▶ PROBLEM STATEMENT: Produce a faithful copy of the data, one that leaves out the pictures.

▶ DATA UNDER STUDY:
★ ★ ★ ★
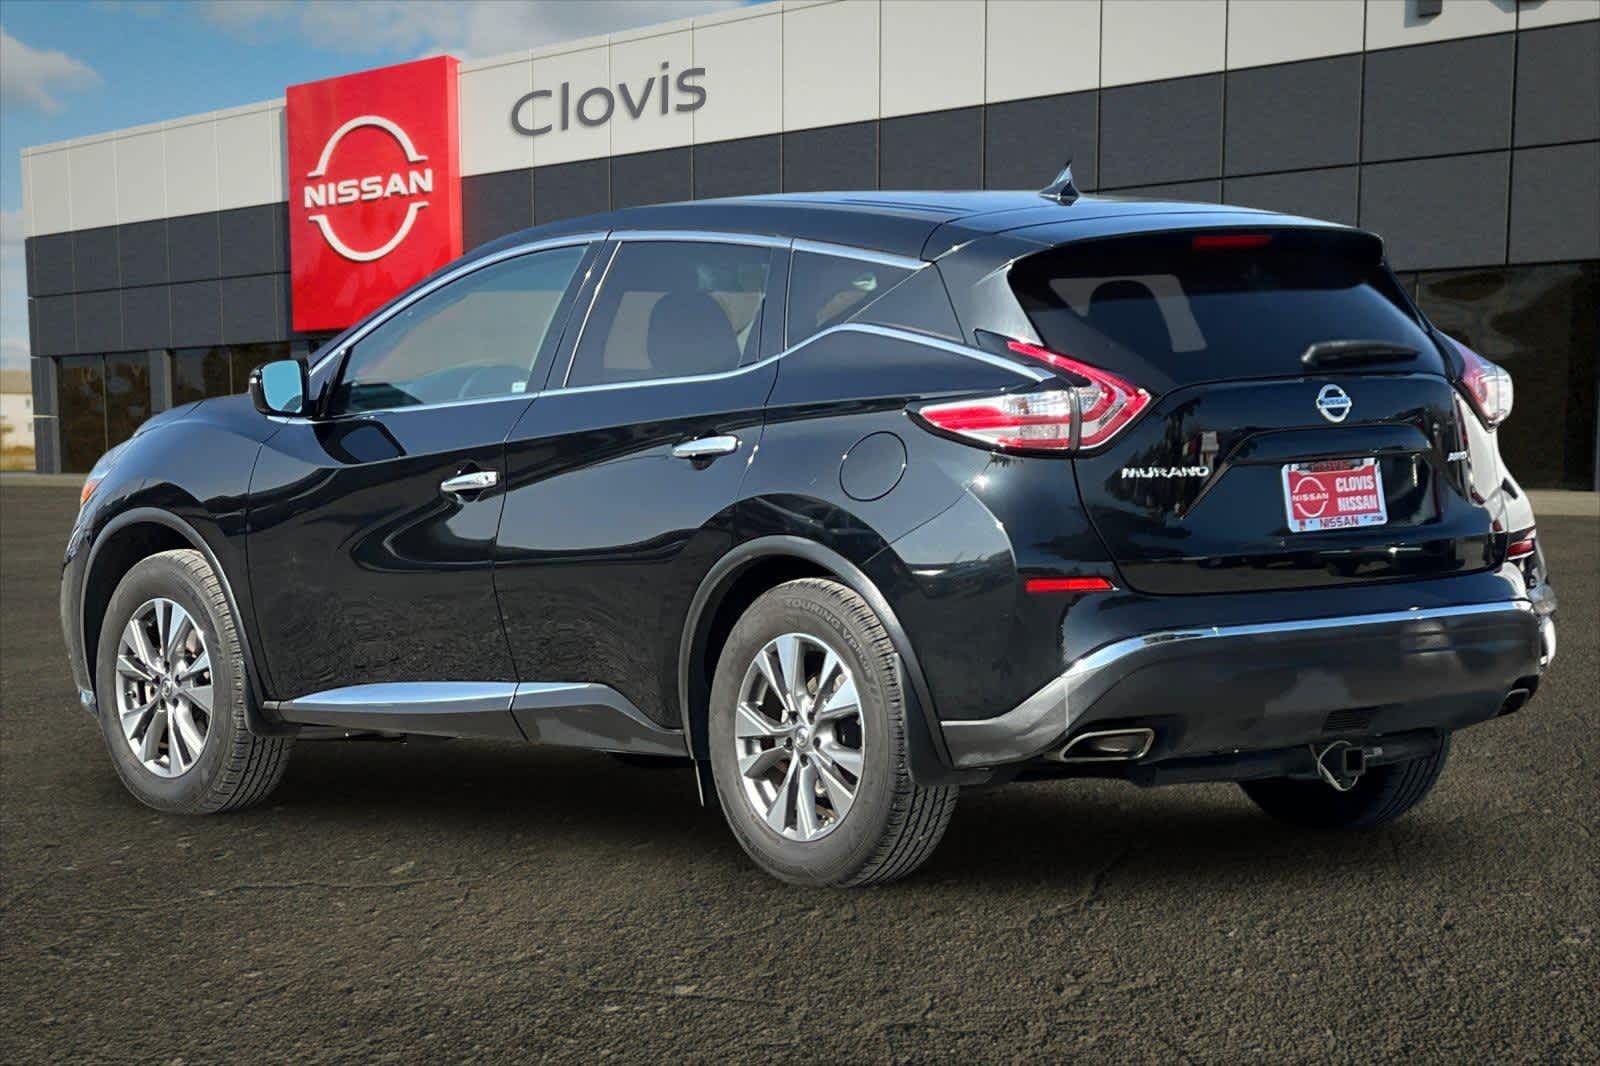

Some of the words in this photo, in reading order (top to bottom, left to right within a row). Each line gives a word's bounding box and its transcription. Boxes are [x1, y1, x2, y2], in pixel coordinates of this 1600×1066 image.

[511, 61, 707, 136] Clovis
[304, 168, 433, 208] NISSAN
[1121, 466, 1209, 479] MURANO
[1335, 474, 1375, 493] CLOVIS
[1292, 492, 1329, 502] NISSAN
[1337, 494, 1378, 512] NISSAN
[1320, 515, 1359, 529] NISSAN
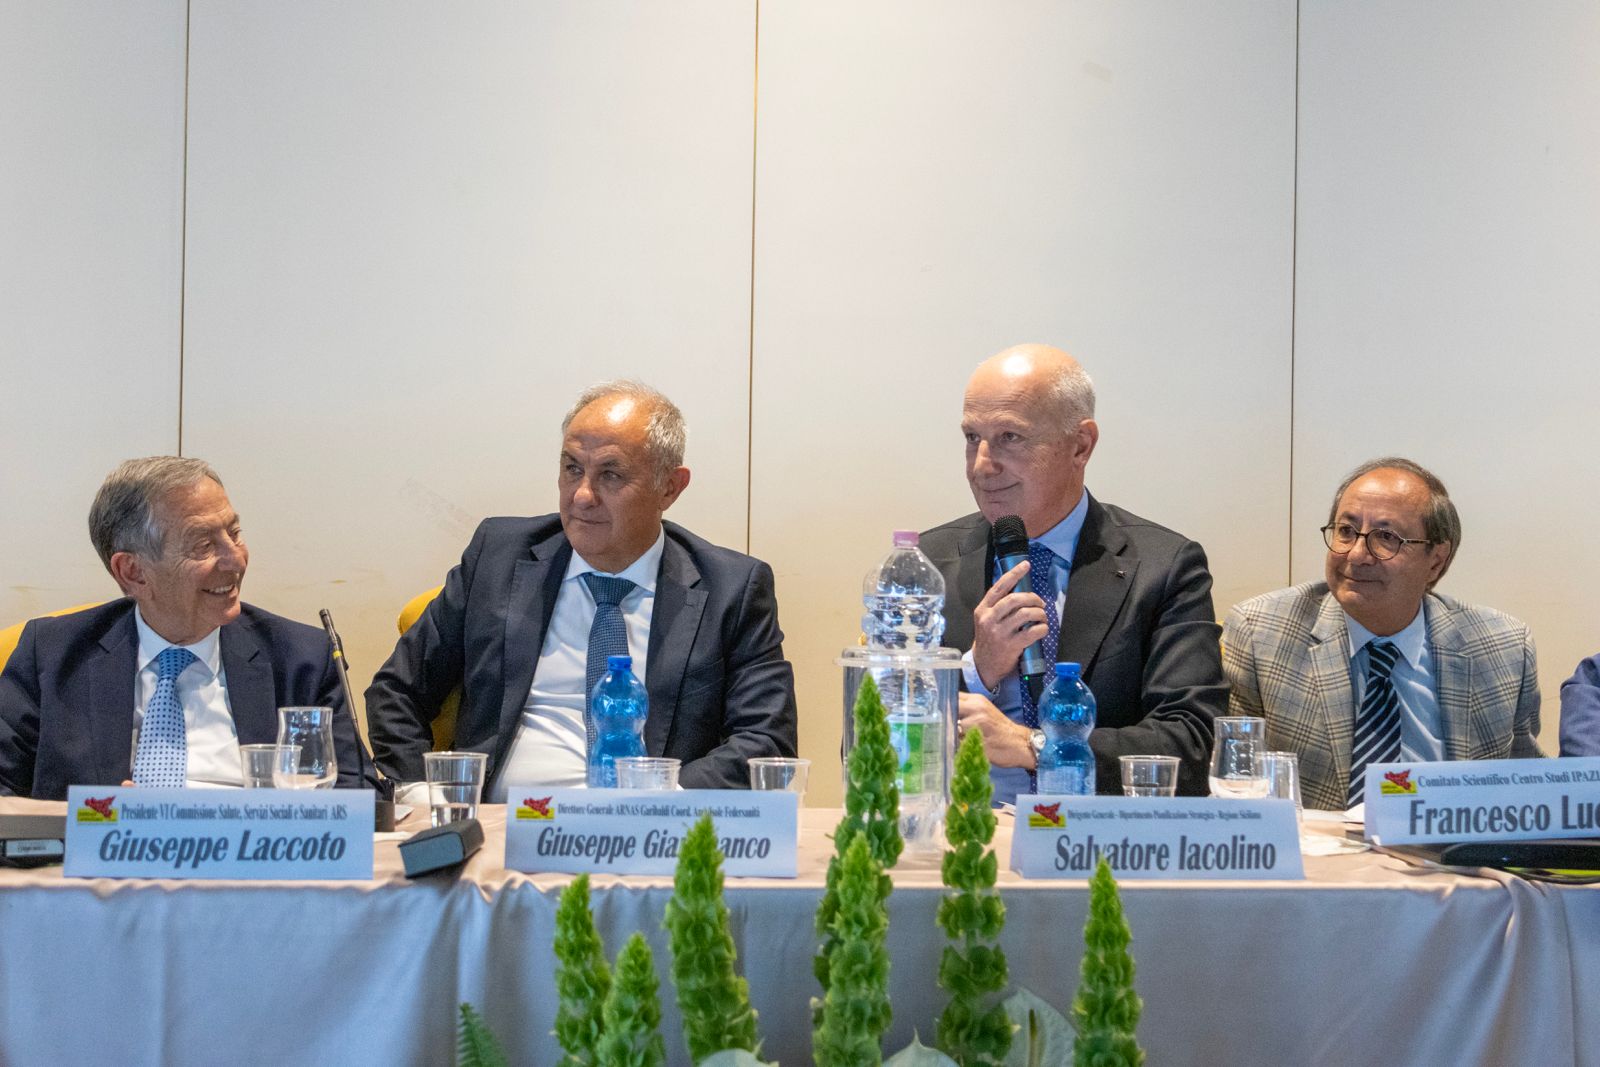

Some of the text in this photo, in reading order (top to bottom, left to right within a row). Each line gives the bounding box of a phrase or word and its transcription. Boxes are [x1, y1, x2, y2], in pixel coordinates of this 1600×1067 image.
★ ★ ★ ★
▶ EXERCISE ANSWER:
Some of the words in this photo, in reading order (top to bottom, left to right within a row). Each line gives a word's bounding box and its transcription. Boxes are [x1, y1, x2, y2], in pixel coordinates of this 1600×1066 image.

[511, 61, 707, 136] Clovis
[304, 168, 433, 208] NISSAN
[1121, 466, 1209, 479] MURANO
[1335, 474, 1375, 493] CLOVIS
[1292, 492, 1329, 502] NISSAN
[1337, 494, 1378, 512] NISSAN
[1320, 515, 1359, 529] NISSAN

Some of the text in this photo, in reading order (top to bottom, left to right within a row). Each line gives the bounding box of a phrase or word and its transcription. Boxes are [x1, y1, x2, y2], in pixel coordinates of this 1600×1067 image.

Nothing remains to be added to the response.